> _Problem statement_
All of the data must be written out verbatim, with pictures excluded.

> _Excerpted records_
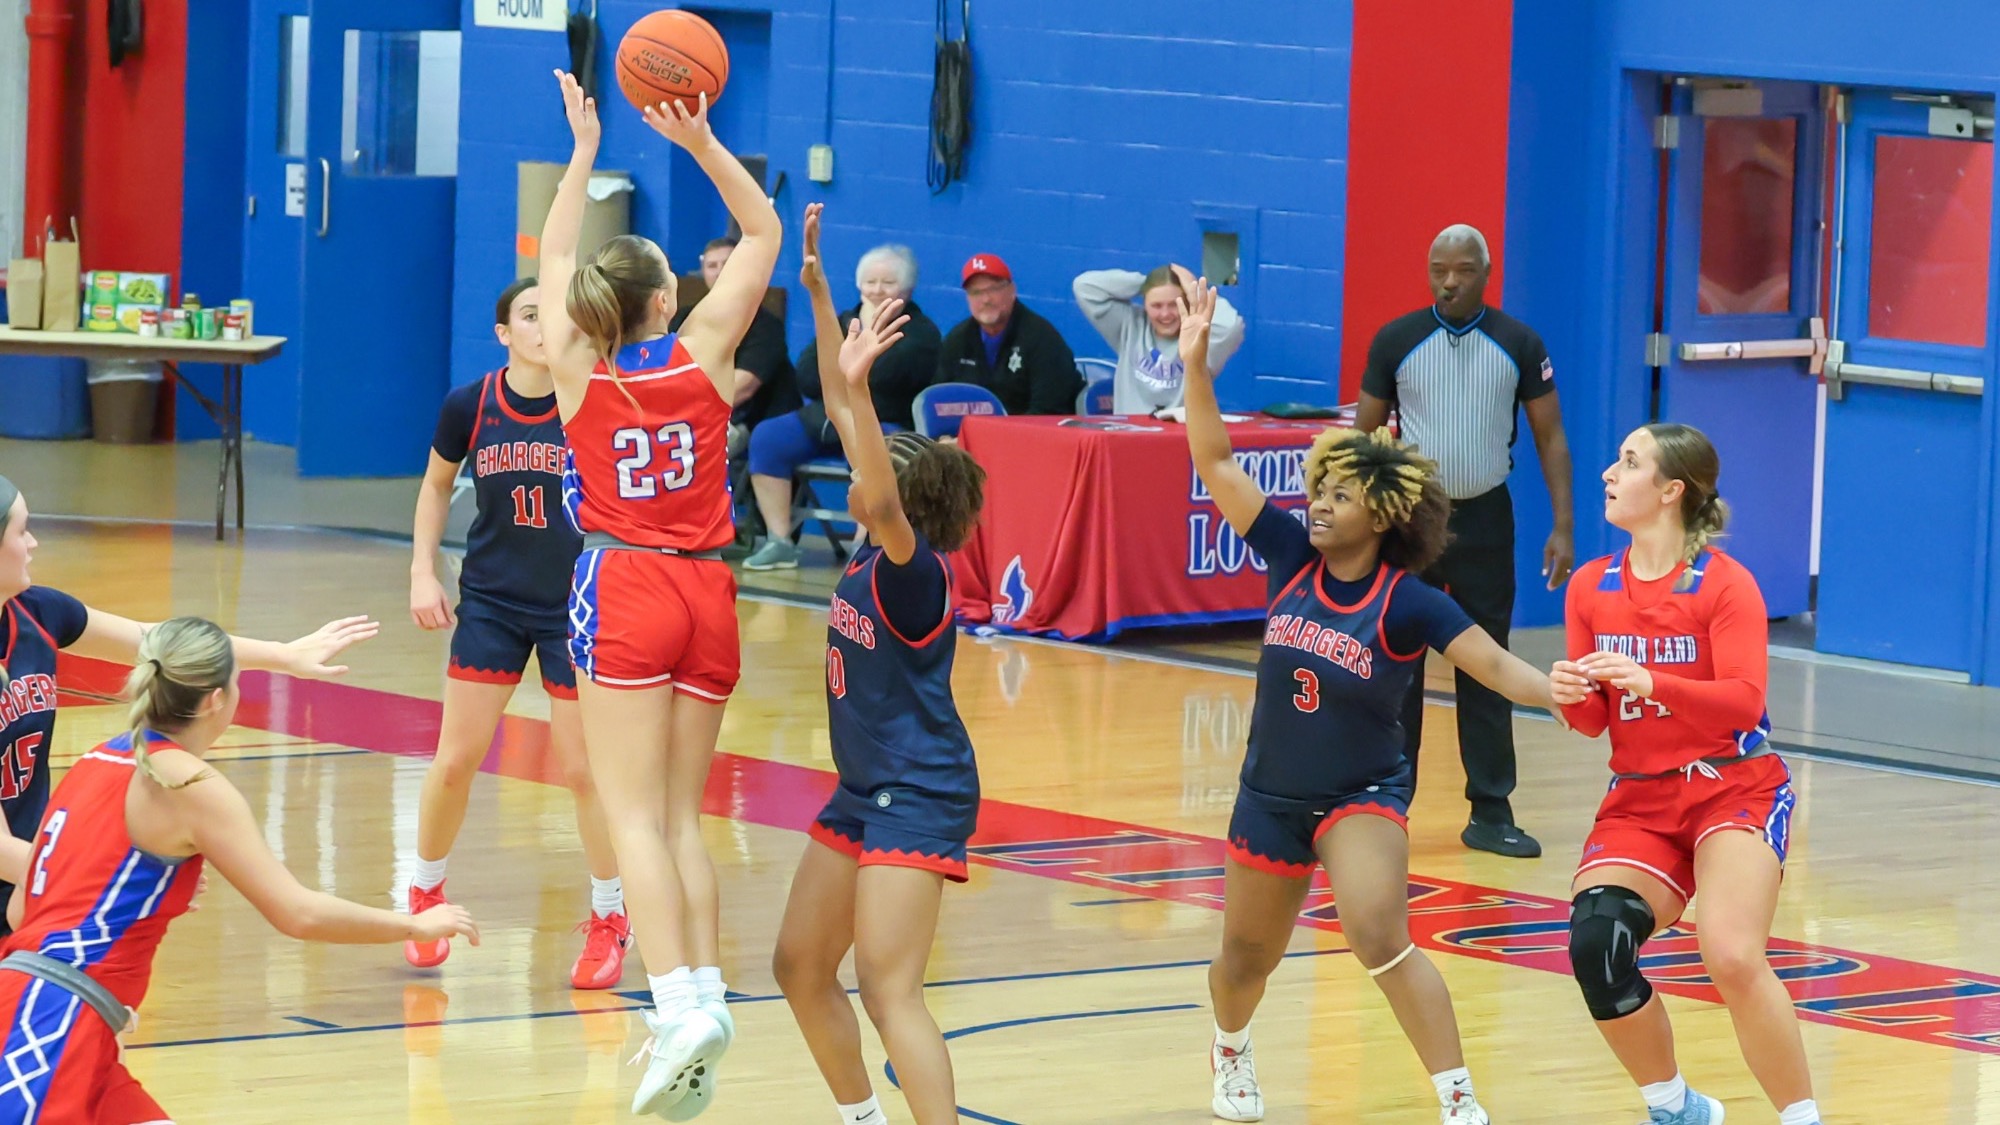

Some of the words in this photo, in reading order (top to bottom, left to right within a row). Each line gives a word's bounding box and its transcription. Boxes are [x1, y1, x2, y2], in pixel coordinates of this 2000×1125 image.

[631, 54, 693, 89] LEGACY
[612, 420, 696, 500] 23
[511, 485, 547, 529] 11
[1264, 614, 1373, 680] CHARGERS
[1653, 635, 1698, 663] LAND
[1293, 667, 1320, 714] 3
[0, 731, 44, 801] 15
[30, 807, 69, 898] 2
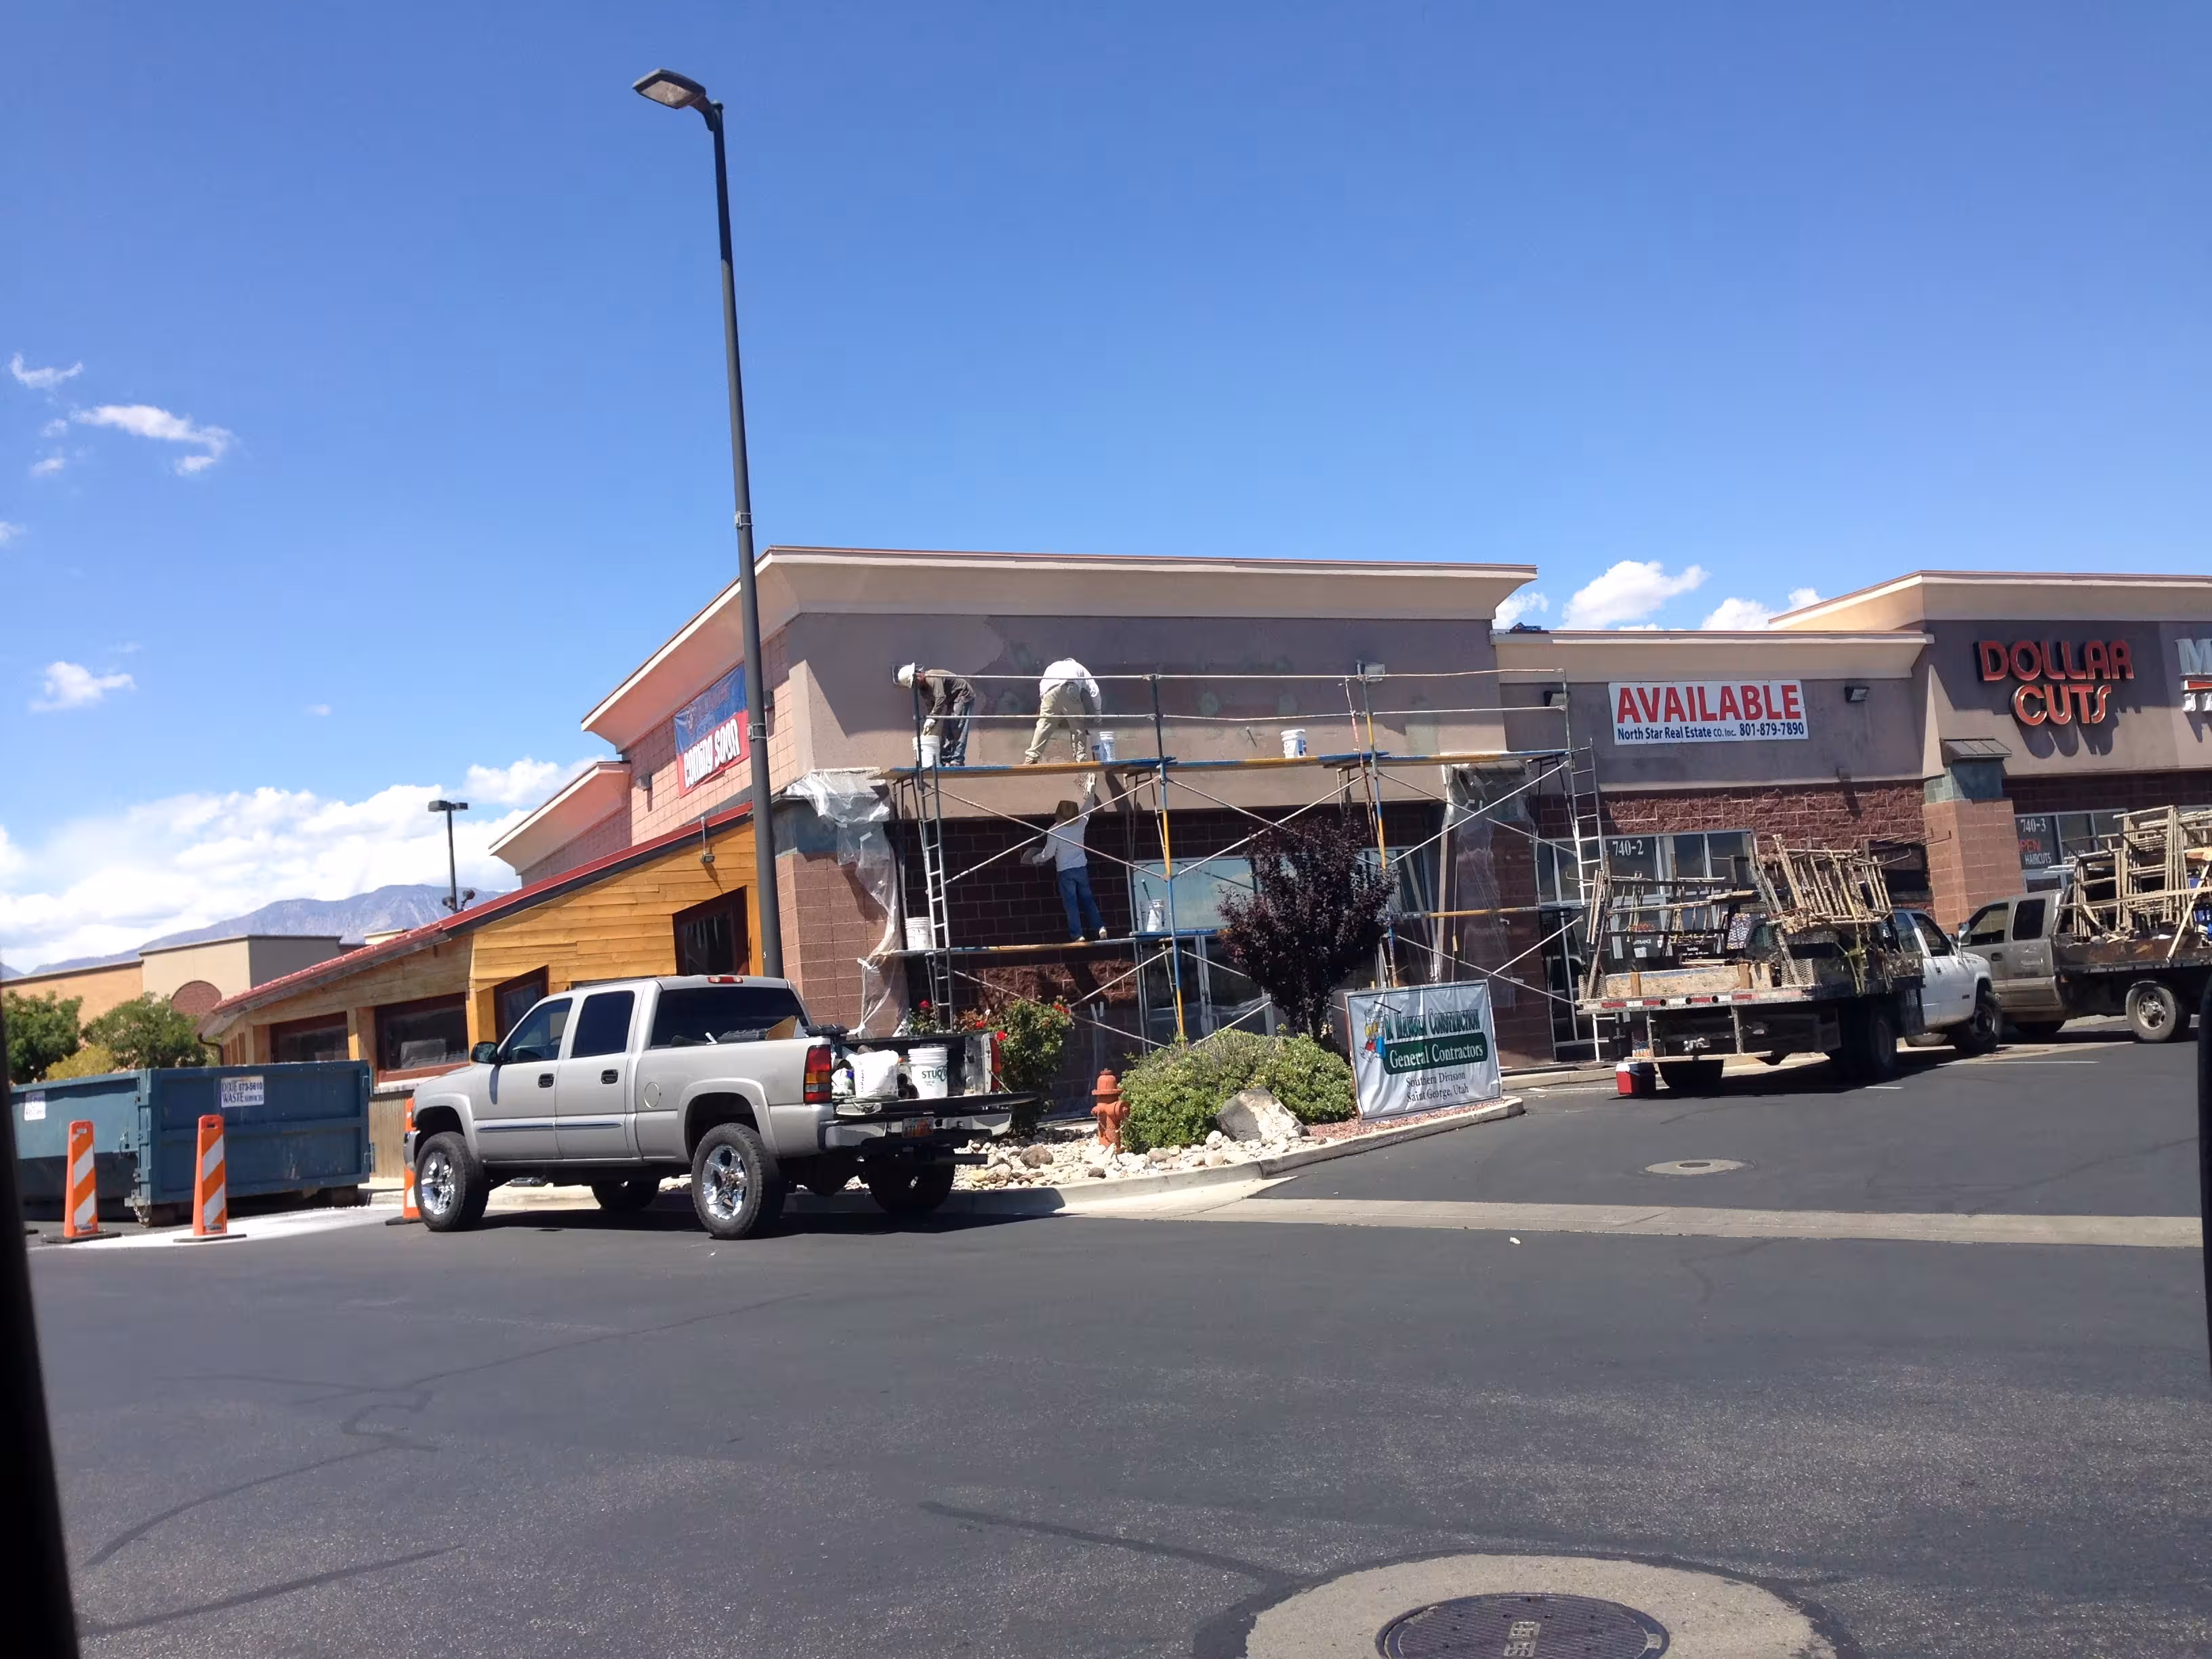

> _Task answer_
Some of the words in this photo, in reading order (top to bottom, left to right within a row). Each line gives a word's bounding box and its transcription. Boxes are [x1, y1, x2, y2], in pixel coordinates of this 2000×1125 image.

[631, 54, 693, 89] LEGACY
[612, 420, 696, 500] 23
[511, 485, 547, 529] 11
[1264, 614, 1373, 680] CHARGERS
[1653, 635, 1698, 663] LAND
[1293, 667, 1320, 714] 3
[0, 731, 44, 801] 15
[30, 807, 69, 898] 2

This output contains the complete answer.